The last three months for the energy sector were nothing short of impressive. Rebounding from a 36.59% decline in 2014 and a 25.14% fall in 2015, the sector was up 2.37% the first three months of 2016, had a 24.06% surge in Q2, a 1.44% loss in Q3 and a 14.67% gain in Q4.
Crude oil is still close to half the price it was in June 2014 and overall, all energy commodities with the exception of ethanol, posted double-digit gains in Q4 and finished 2016 on a strong note—up 42.57% from December 31, 2015.
In Q1 NYMEX WTI crude oil gained 3.51% and continued to rally in Q2, gaining 26.06%. In Q3 it traded in a range of $40 to $50 per barrel and was down 0.39% overall. Q4 saw a reversal of this downward trend—closing 11.59% higher and finishing 2016 with a 45.03% gain for the year.
Crude oil production in the United States fell below 9 million barrels a day in April. Rig counts had been falling since last year, but the recent move above $50 caused the number of rigs to rebound. By December 30, 2016, rig counts numbered 525—100 higher than at the end of Q3 and only 11 shy of levels from one year ago.
Looking ahead to 2017, analysts expect oil to trade in a range from $50 to $60 per barrel from January through March. This prediction is based on a 19.61% decline of daily historical volatility on NYMEX futures—signaling that oil is entering a period of consolidation that will keep it in a $10 trading range.
However, there are events occurring all over the world that could send oil higher in an instant. The Middle East is a particularly volatile region and with the United Kingdom leaving the Union, Europe may also present challenges, as could China, North Korea and Japan.
Typically oil products reflect seasonal demand—RBOB gasoline usually does better in the spring and summer; heating oil in the late fall and winter. In Q4 oil products kept pace with raw crude oil, with gasoline and heating oil posting double-digit gains.
Reversing its 13.66% decline in 2015, gasoline posted a 14.41% gain in Q4 and finished the year 31.70% higher since December 31, 2015. For the year, gasoline traded in a range of 89.75 cents per gallon to $1.7038 on active month NYMEX gasoline futures, with the high range occurring at the end of the year. On December 30, 2016, February futures closed at $1.6739 per gallon wholesale.

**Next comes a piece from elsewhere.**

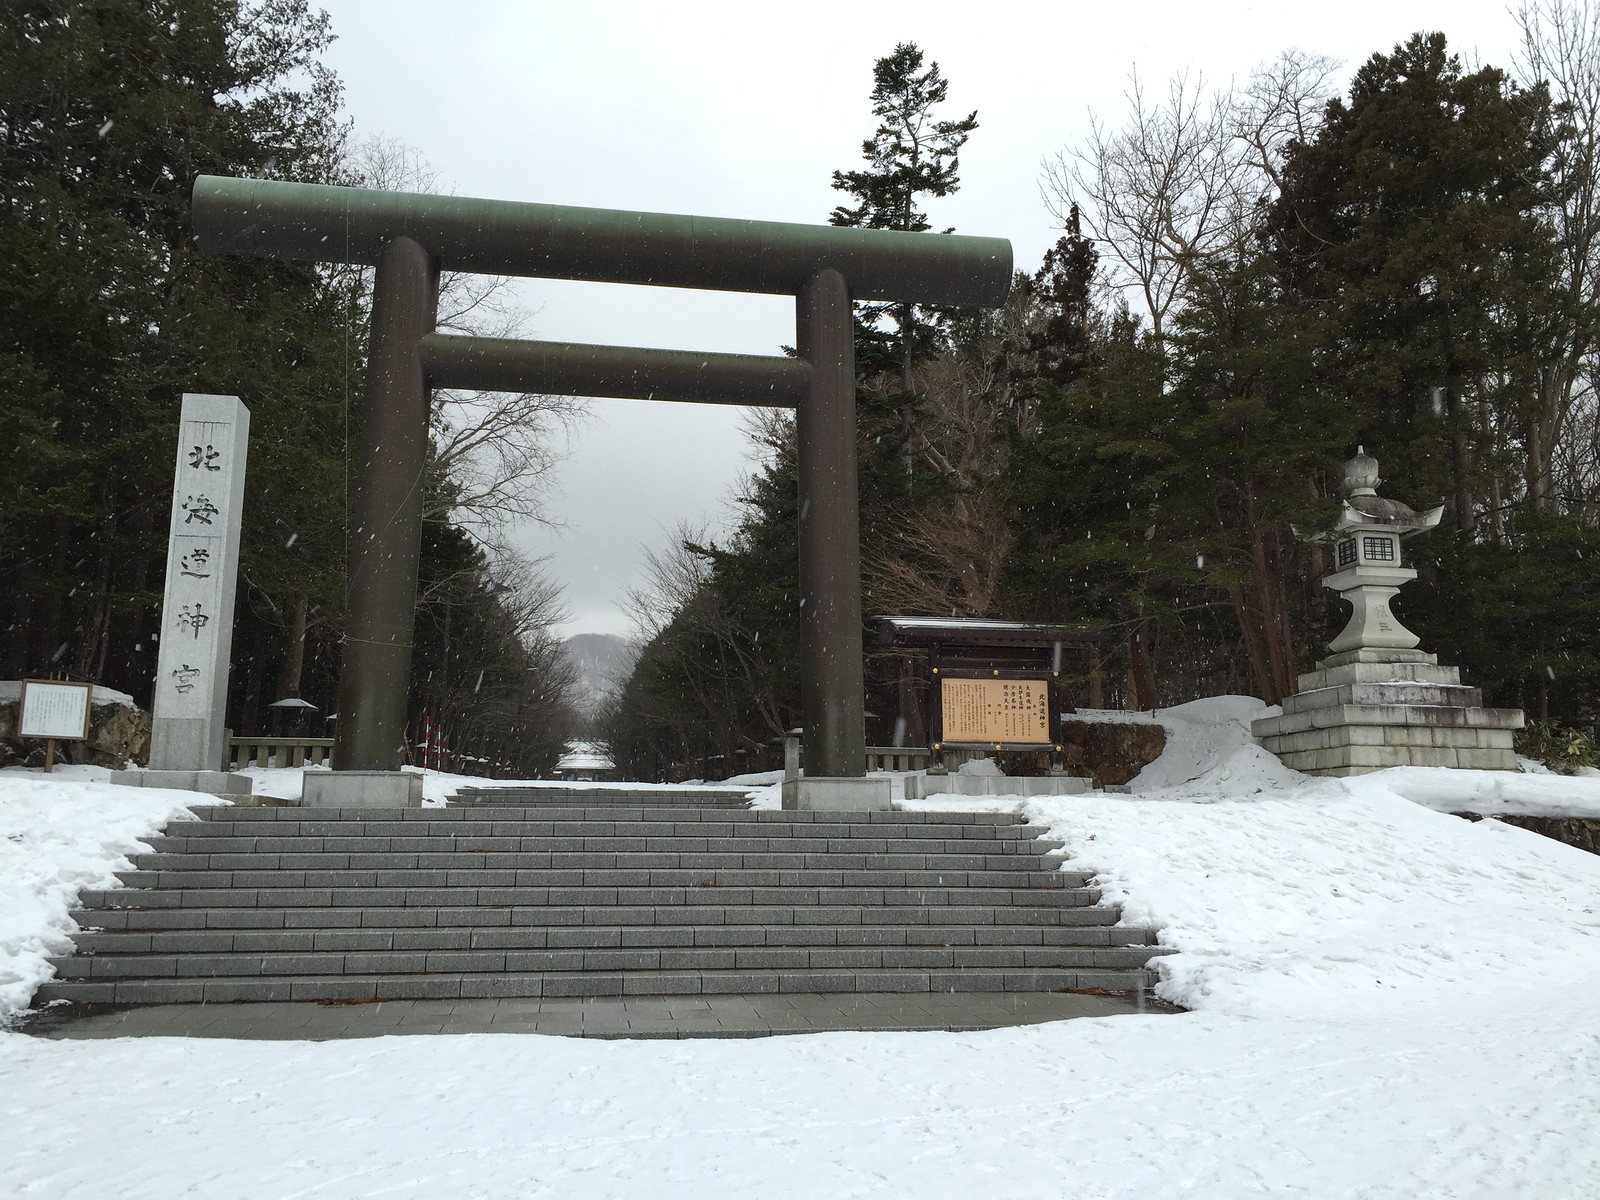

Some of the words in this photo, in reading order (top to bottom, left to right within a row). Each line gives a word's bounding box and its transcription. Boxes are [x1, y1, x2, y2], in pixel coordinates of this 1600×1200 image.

Gasoline had been in a trading pattern of making lower highs and lower lows since trading at $3.2672 per gallon in March 2013. At the end of December, it broke above the May 2016 highs—indicating that the trading pattern could be ending.
Going into 2017, product prices look bullish. With the incoming Trump administration’s promise of the biggest infrastructure project since the 1950s, the demand for energy will increase. Additionally, the project will spur economic growth, which will also increase the demand for oil products. To that end, the technical and fundamental outlook is positive.
In 2016, the price of natural gas was on a wild rollercoaster ride but finished the year a big winner. In March, natural gas hit its lowest price since 1998 where it traded at $1.6110 per MMBtu, but moved 28.84% higher in Q4 and led the energy sector by posting a 60.21% gain for the year.
During the first 9 months of 2016, natural gas traded in a range from $1.6110 to $3.9940 and as of December 23rd, stockpiles were 3.360 trillion cubic feet—10.9% below 2015 levels at the same time and 2.3% below the 5-year average.
A weather sensitive commodity and therefore volatile, going forward in 2017 look for the price at times to move higher quickly and depending on Mother Nature, frigid weather could mean a rise to $5 or even higher.
A biofuel—meaning a product of corn—ethanol traded in a range of $1.2960 to $1.76 per gallon over the course of 2016. Q4 saw it underperforming the price of gasoline, but outperforming corn—up 14.71% compared to nearly a 32% gain for gasoline, while corn was 1.88% lower.
The price of January ethanol futures closed on December 30th at $1.6060 per gallon with the price of February gasoline futures closing at $1.6739.
Looking ahead to 2017, ethanol should follow gasoline prices. But keep on eye on political events under the new administration that could affect the economics for refining corn into ethanol—i.e., the ethanol mandate could become an issue and with that an increase in volatility in the ethanol futures markets, as discussions over changing the mandate or leaving it unchanged come into play.